(Saved entries)
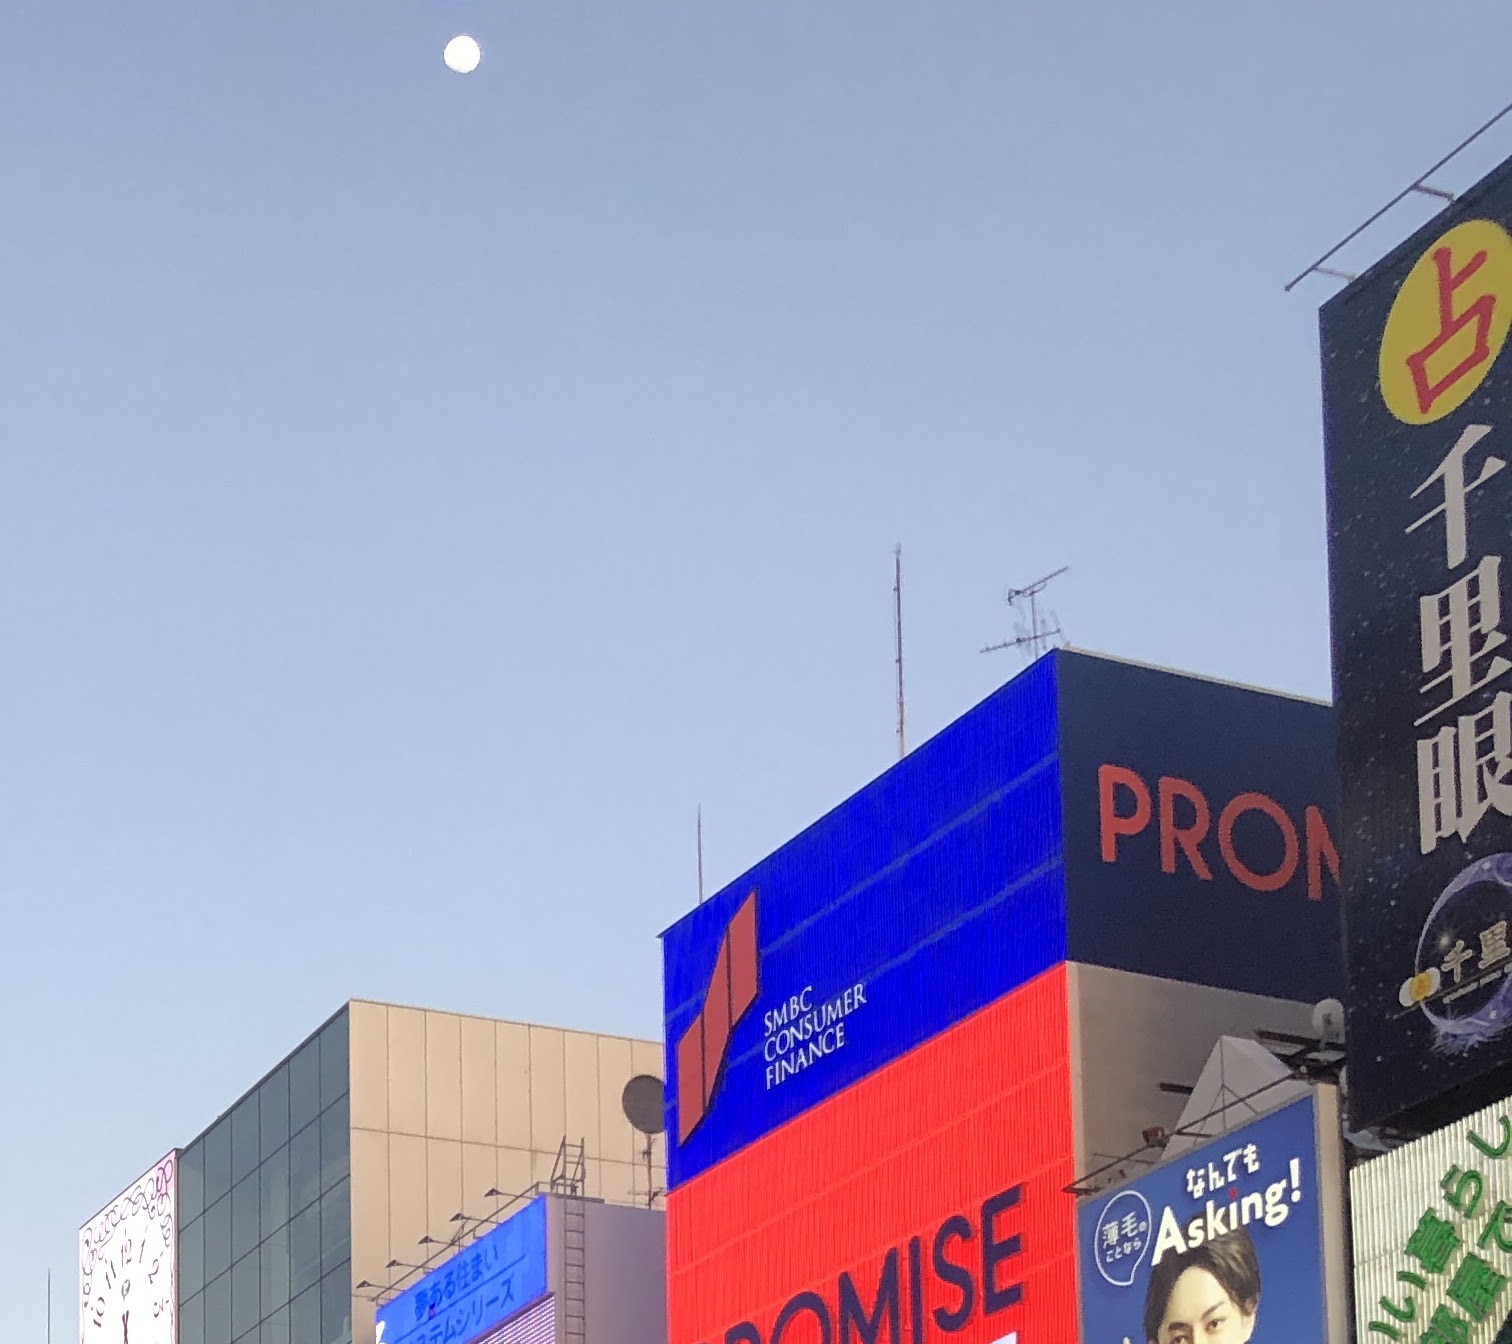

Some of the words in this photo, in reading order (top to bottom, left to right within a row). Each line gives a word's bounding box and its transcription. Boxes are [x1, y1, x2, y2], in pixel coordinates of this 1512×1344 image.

[1408, 245, 1496, 414] 占
[1404, 423, 1512, 855] 千里眼
[764, 985, 813, 1032] SMBC
[764, 983, 868, 1063] CONSUMER
[765, 1022, 846, 1090] FINANCE
[1186, 1142, 1261, 1200] なんでも
[1151, 1157, 1302, 1267] Asking!
[1105, 1237, 1142, 1263] ことなら
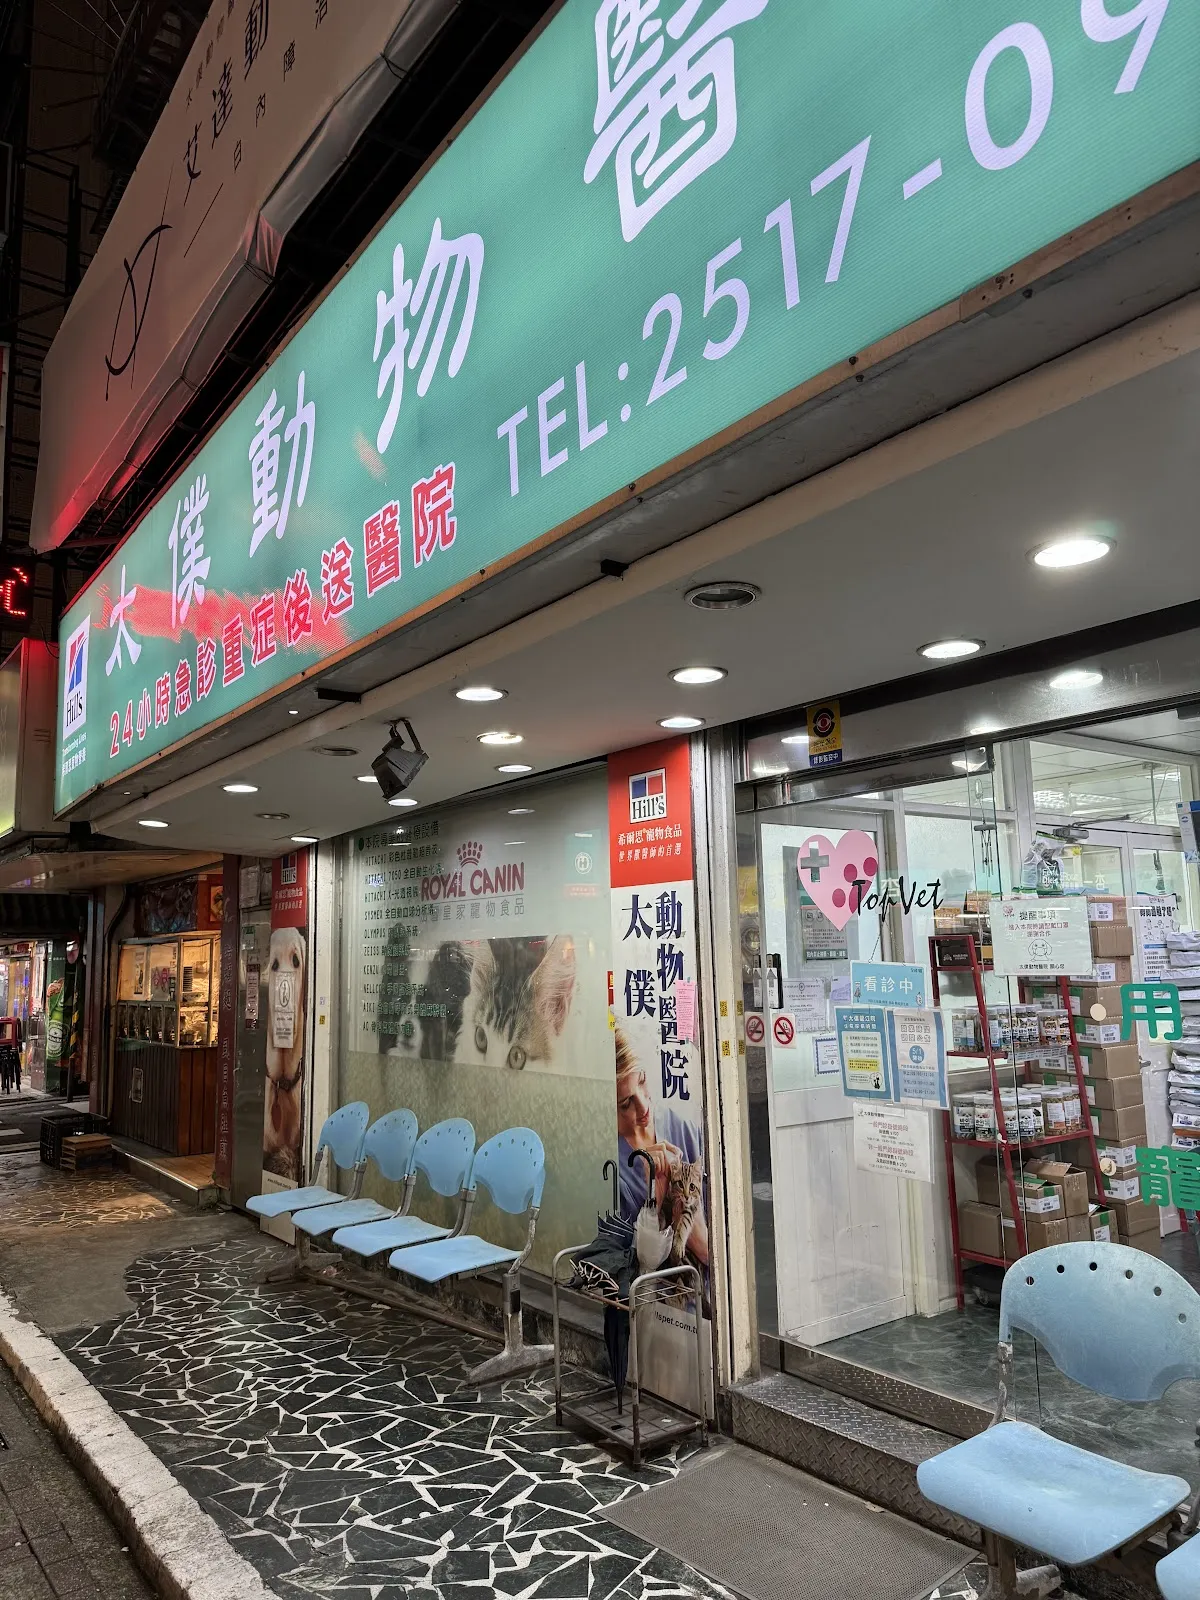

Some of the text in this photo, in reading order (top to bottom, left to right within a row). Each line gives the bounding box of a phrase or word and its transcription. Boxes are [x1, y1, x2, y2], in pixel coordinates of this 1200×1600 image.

[109, 461, 458, 759] 24小時急診重症後送醫院
[66, 692, 83, 727] Hill's
[632, 796, 665, 819] Hill's
[420, 861, 525, 902] ROYAL CANIN
[364, 927, 386, 939] OLYMPUS
[621, 894, 657, 1018] 太僕
[655, 890, 690, 1101] 動物醫院
[864, 976, 913, 995] 看診中
[1120, 984, 1182, 1041] 用
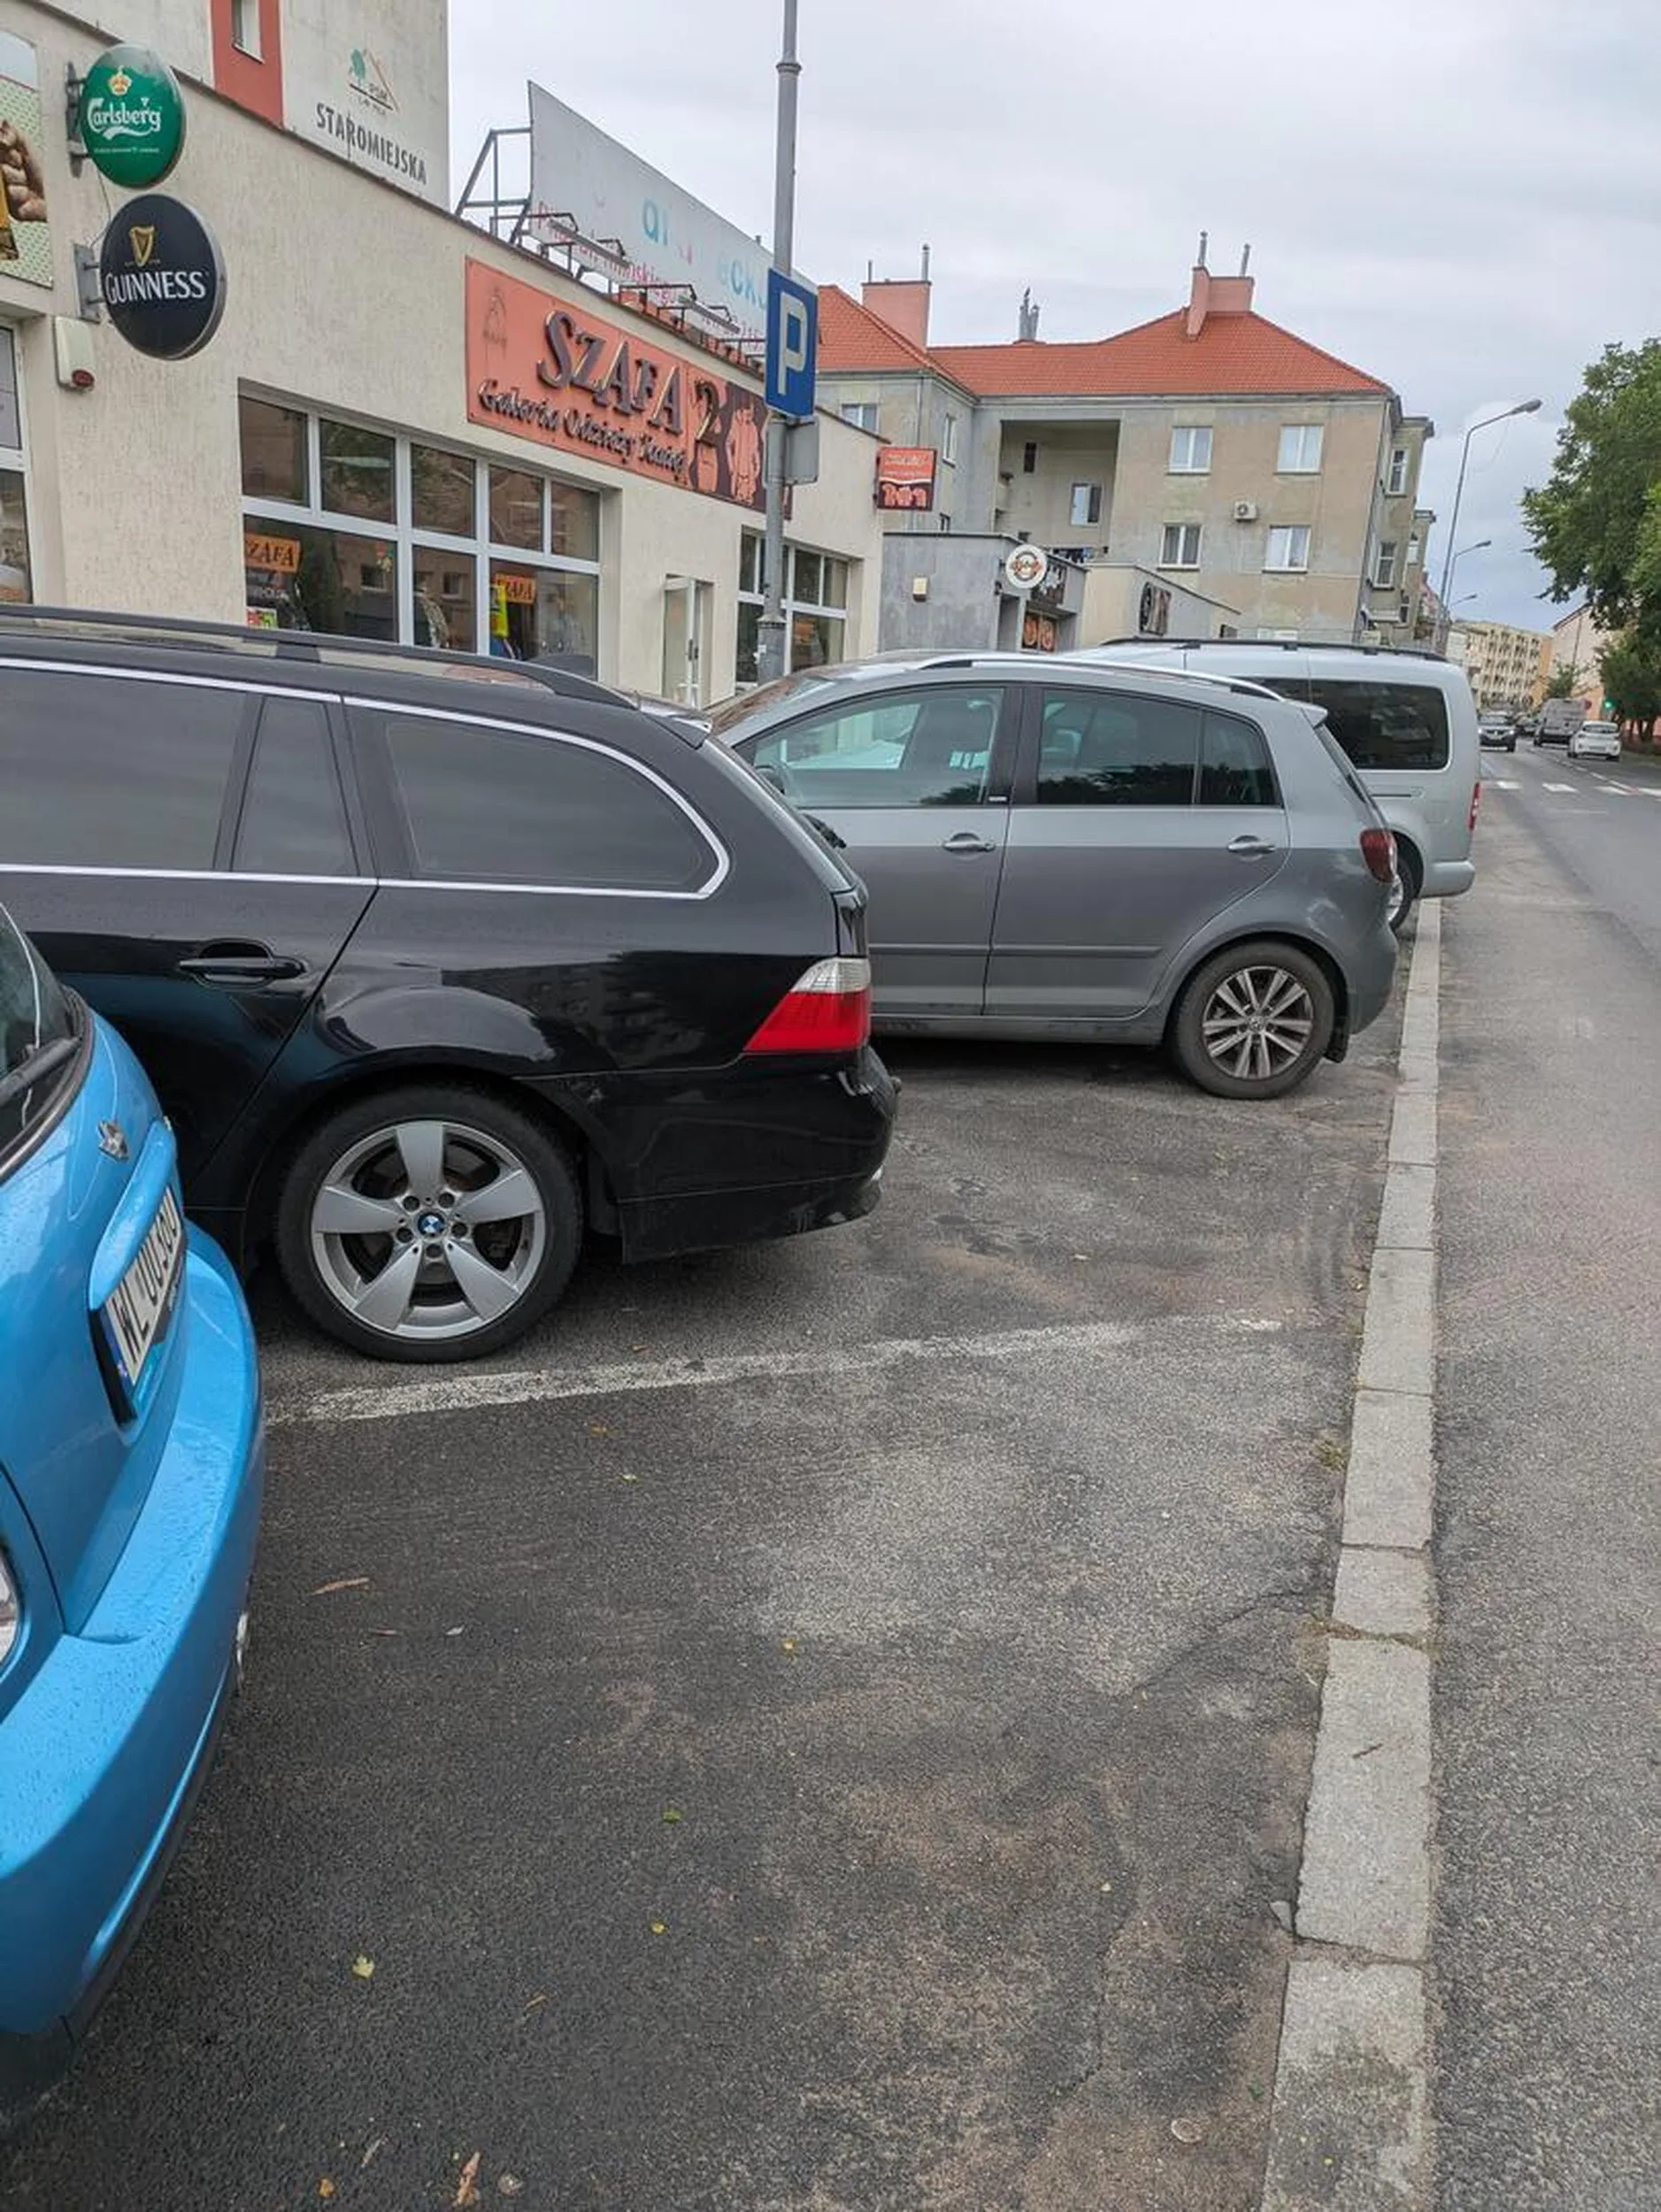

WORK TO COMPLETE -> Transcribe each entry exactly; images stay out.

EXERCISE RESULT ->
Some of the words in this photo, in reading order (top to bottom, left to right within a row). Each line gives a word's bounding box and its transcription. Boxes are [x1, y1, x2, y2], in pixel coordinates of this 1512×1344 image.

[1408, 245, 1496, 414] 占
[1404, 423, 1512, 855] 千里眼
[764, 985, 813, 1032] SMBC
[764, 983, 868, 1063] CONSUMER
[765, 1022, 846, 1090] FINANCE
[1186, 1142, 1261, 1200] なんでも
[1151, 1157, 1302, 1267] Asking!
[1105, 1237, 1142, 1263] ことなら

Some of the text in this photo, in reading order (top to bottom, left to right within a row). Each line gives the bounding box of a phrase or word and its transcription. Boxes are [x1, y1, x2, y2], in pixel coordinates of this 1200×1600 image.

[109, 461, 458, 759] 24小時急診重症後送醫院
[66, 692, 83, 727] Hill's
[632, 796, 665, 819] Hill's
[420, 861, 525, 902] ROYAL CANIN
[364, 927, 386, 939] OLYMPUS
[621, 894, 657, 1018] 太僕
[655, 890, 690, 1101] 動物醫院
[864, 976, 913, 995] 看診中
[1120, 984, 1182, 1041] 用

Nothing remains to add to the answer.